A look at cardiac rehabilitation
In Canada, heart disease and stroke takes a life every 5 minutes. 2.6 million adults age 20 and over live with a diagnosis of heart disease. The good news is 8 in 10 cases of premature heart disease and stroke are preventable through healthy lifestyle behaviours such as smoking cessation, healthy eating, getting moving. This has led to experts utilizing a strategy geared towards this population called cardiac rehabilitation. A combination of education, emotional support, exercise training and risk management is prescribed.
Research shows that in the short term, home-based cardiac rehabilitation done independently or with a facilitator and supervised centre-based rehab delivers comparable results when it comes to improving exercise capacity, health related quality of lie and number of deaths.

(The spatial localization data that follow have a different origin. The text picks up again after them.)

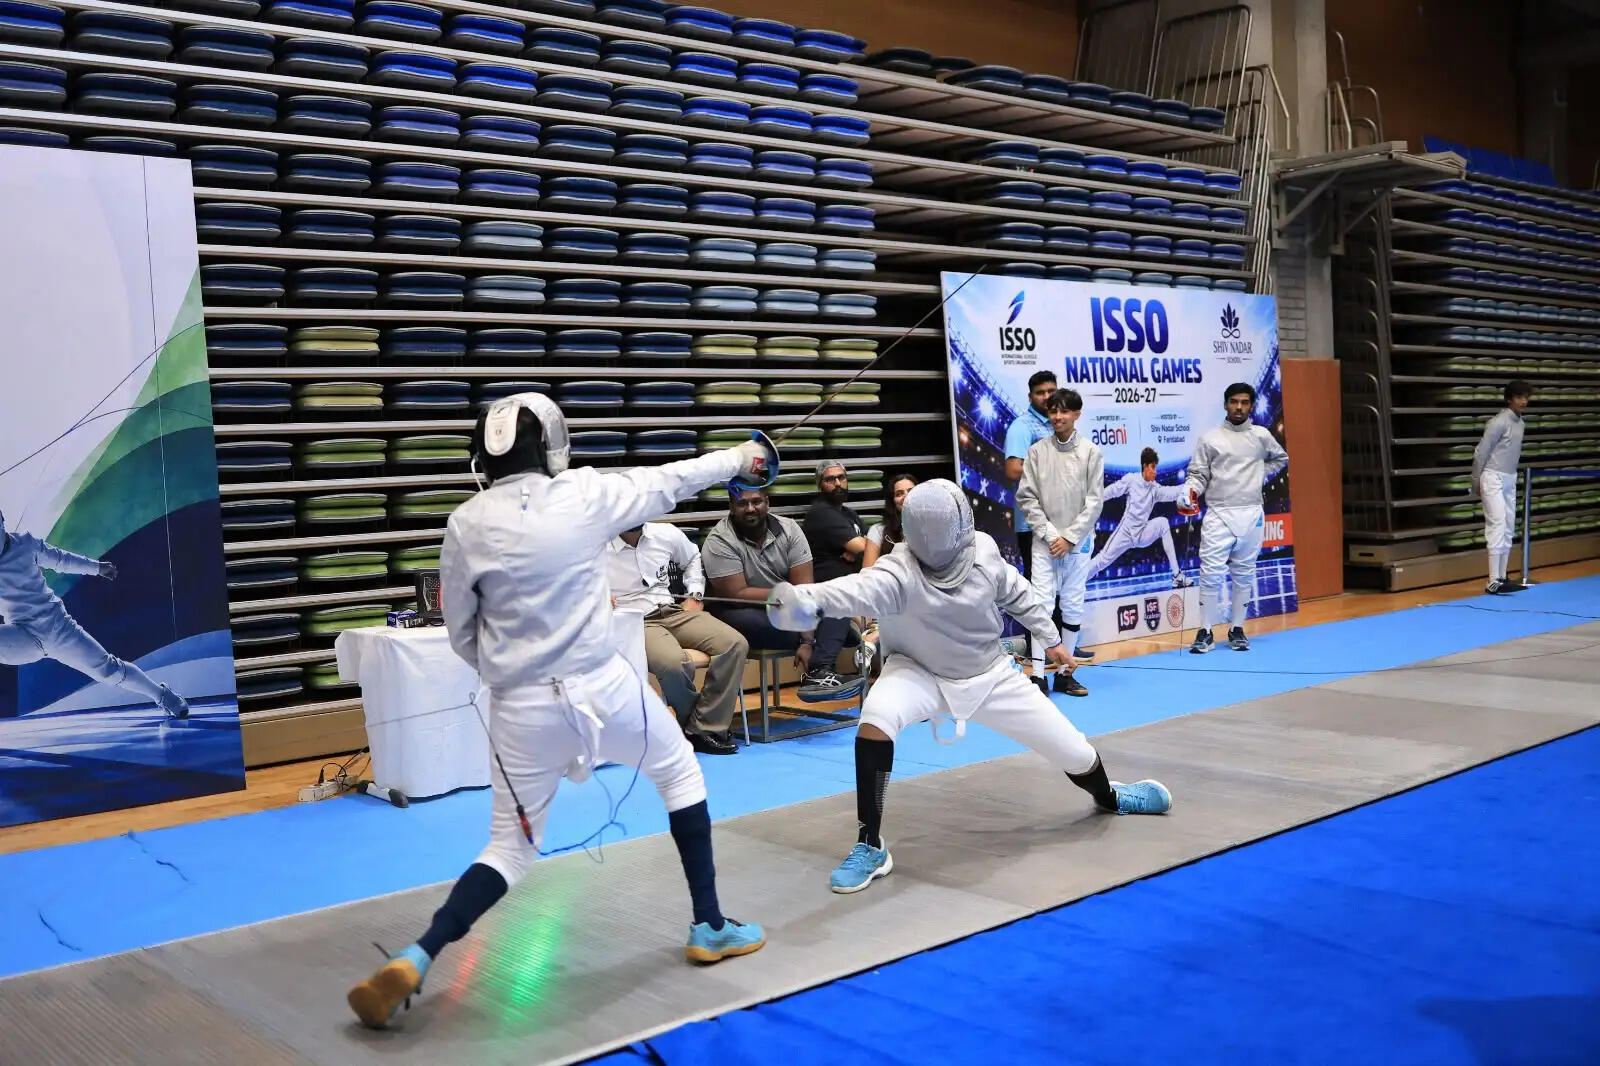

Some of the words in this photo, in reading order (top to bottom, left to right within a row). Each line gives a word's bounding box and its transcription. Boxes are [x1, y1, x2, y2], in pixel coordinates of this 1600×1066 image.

[1090, 297, 1169, 354] ISSO
[1000, 327, 1036, 351] ISSO
[1213, 341, 1228, 353] SHIV
[1230, 341, 1253, 354] NADAR
[1065, 356, 1149, 384] NATIONAL
[1151, 357, 1203, 384] GAMES
[1114, 388, 1157, 403] 2026-27
[1092, 424, 1127, 445] adani
[1150, 424, 1160, 432] Shiv
[1161, 424, 1175, 432] Nadar
[1263, 519, 1284, 541] ING
[1146, 601, 1158, 612] ISF
[1121, 609, 1136, 626] ISF
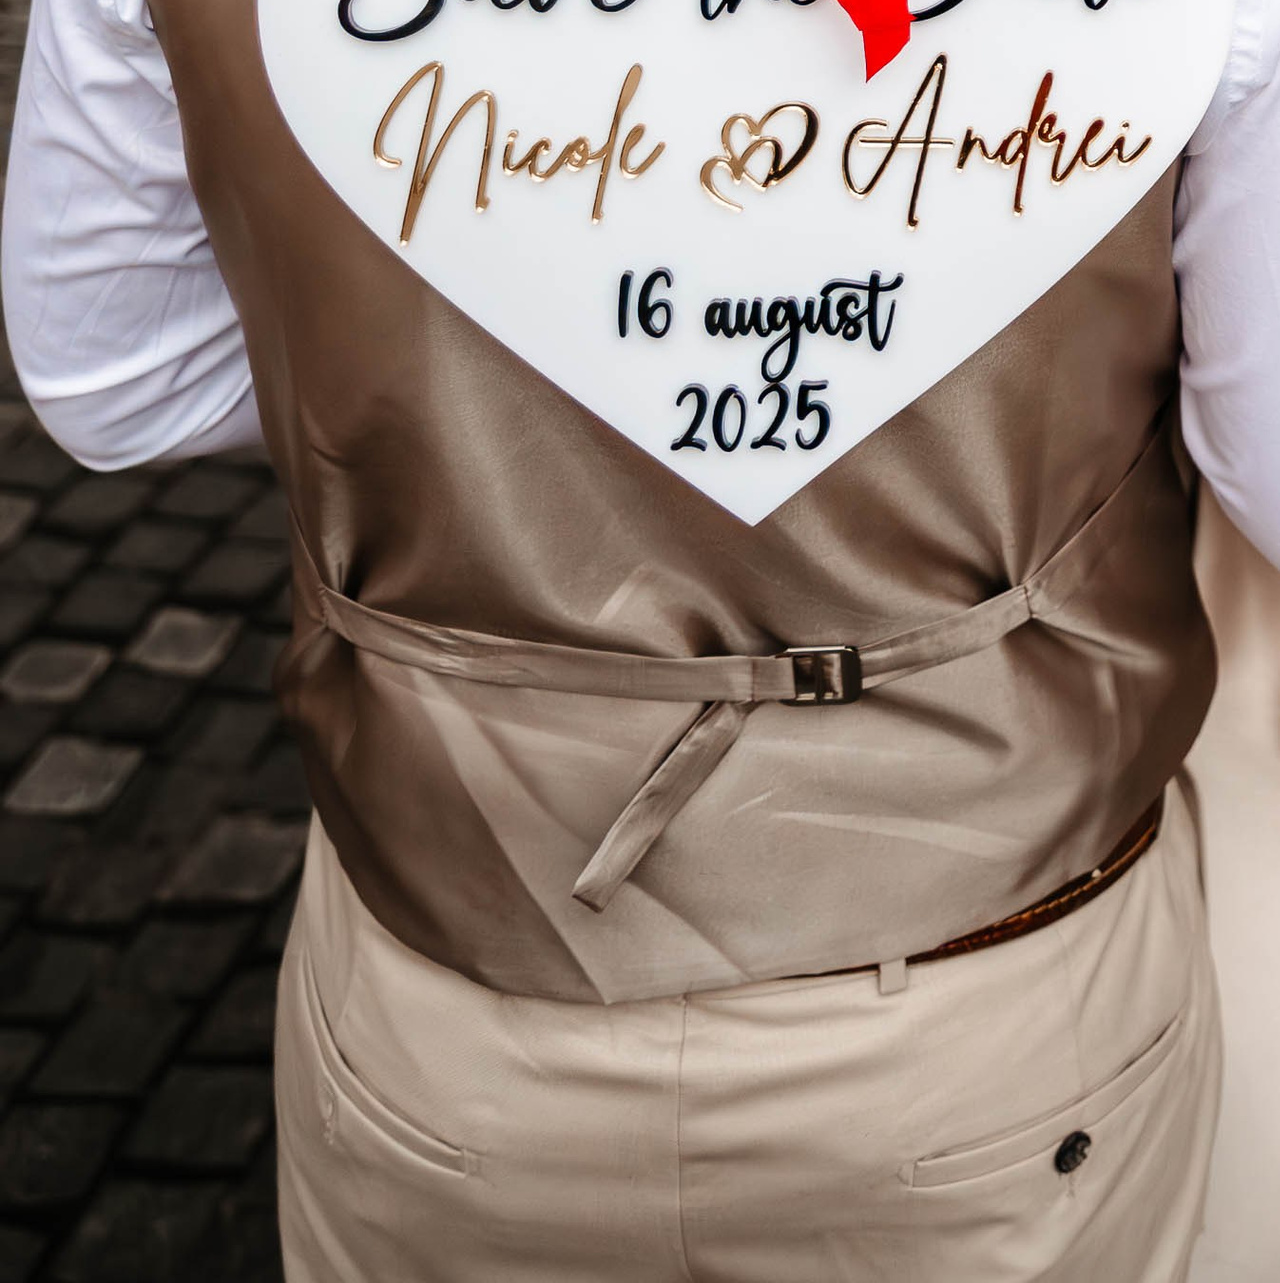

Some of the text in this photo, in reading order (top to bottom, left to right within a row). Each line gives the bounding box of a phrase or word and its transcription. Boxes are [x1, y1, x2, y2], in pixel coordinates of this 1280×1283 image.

The jury is still out on longer term impacts of home-based strategies for cardiac rehabilitation.
Heart healthy tips include:
Don’t smoke. Not smoking or quitting smoking reduces your risk of developing heart disease and not smoking may even increase the “good” cholesterol in your blood. It also reduces your risk of having a heart attack, stroke and common cancers.

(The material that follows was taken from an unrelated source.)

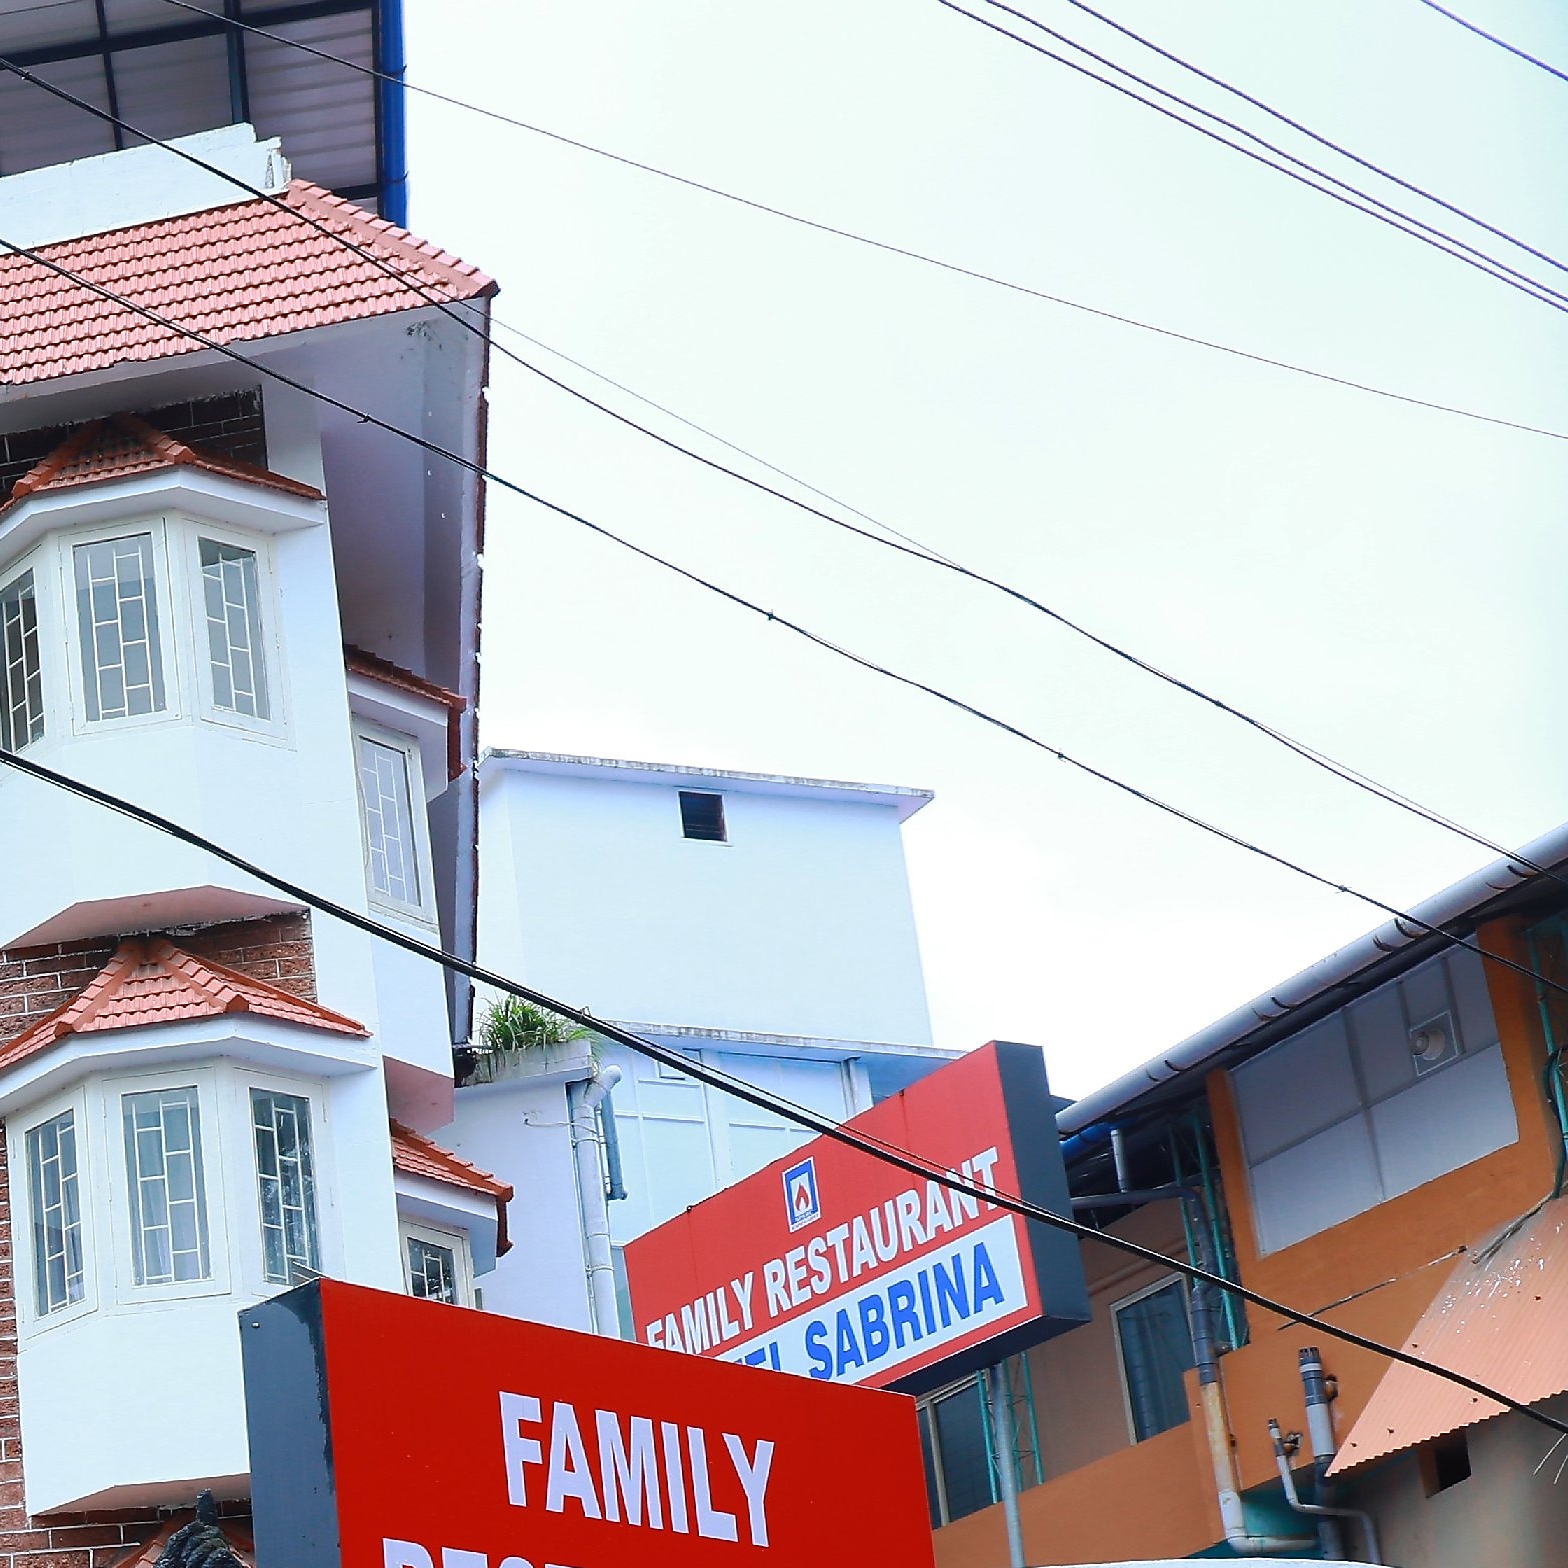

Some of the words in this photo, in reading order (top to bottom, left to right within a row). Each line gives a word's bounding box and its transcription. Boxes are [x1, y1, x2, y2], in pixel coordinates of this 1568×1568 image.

[645, 1271, 754, 1354] FAMILY
[763, 1146, 998, 1318] RESTAURANT
[805, 1242, 1005, 1380] SABRINA
[500, 1391, 775, 1547] FAMILY

Eat a wider variety of foods. According to Canada’s Food Guide, as part of a balanced diet we should enjoy a variety of foods and choose lower-fat foods more often.
Get moving. As little as 60 minutes a day of accumulated physical activity will help keep your heart in shape. Not sure how to start? Try the Physical Activity Guide for some ideas.
Have regular checkups. Include a measurement of your blood cholesterol level. You can also be tested for diabetes, one of the major risk factors for heart disease.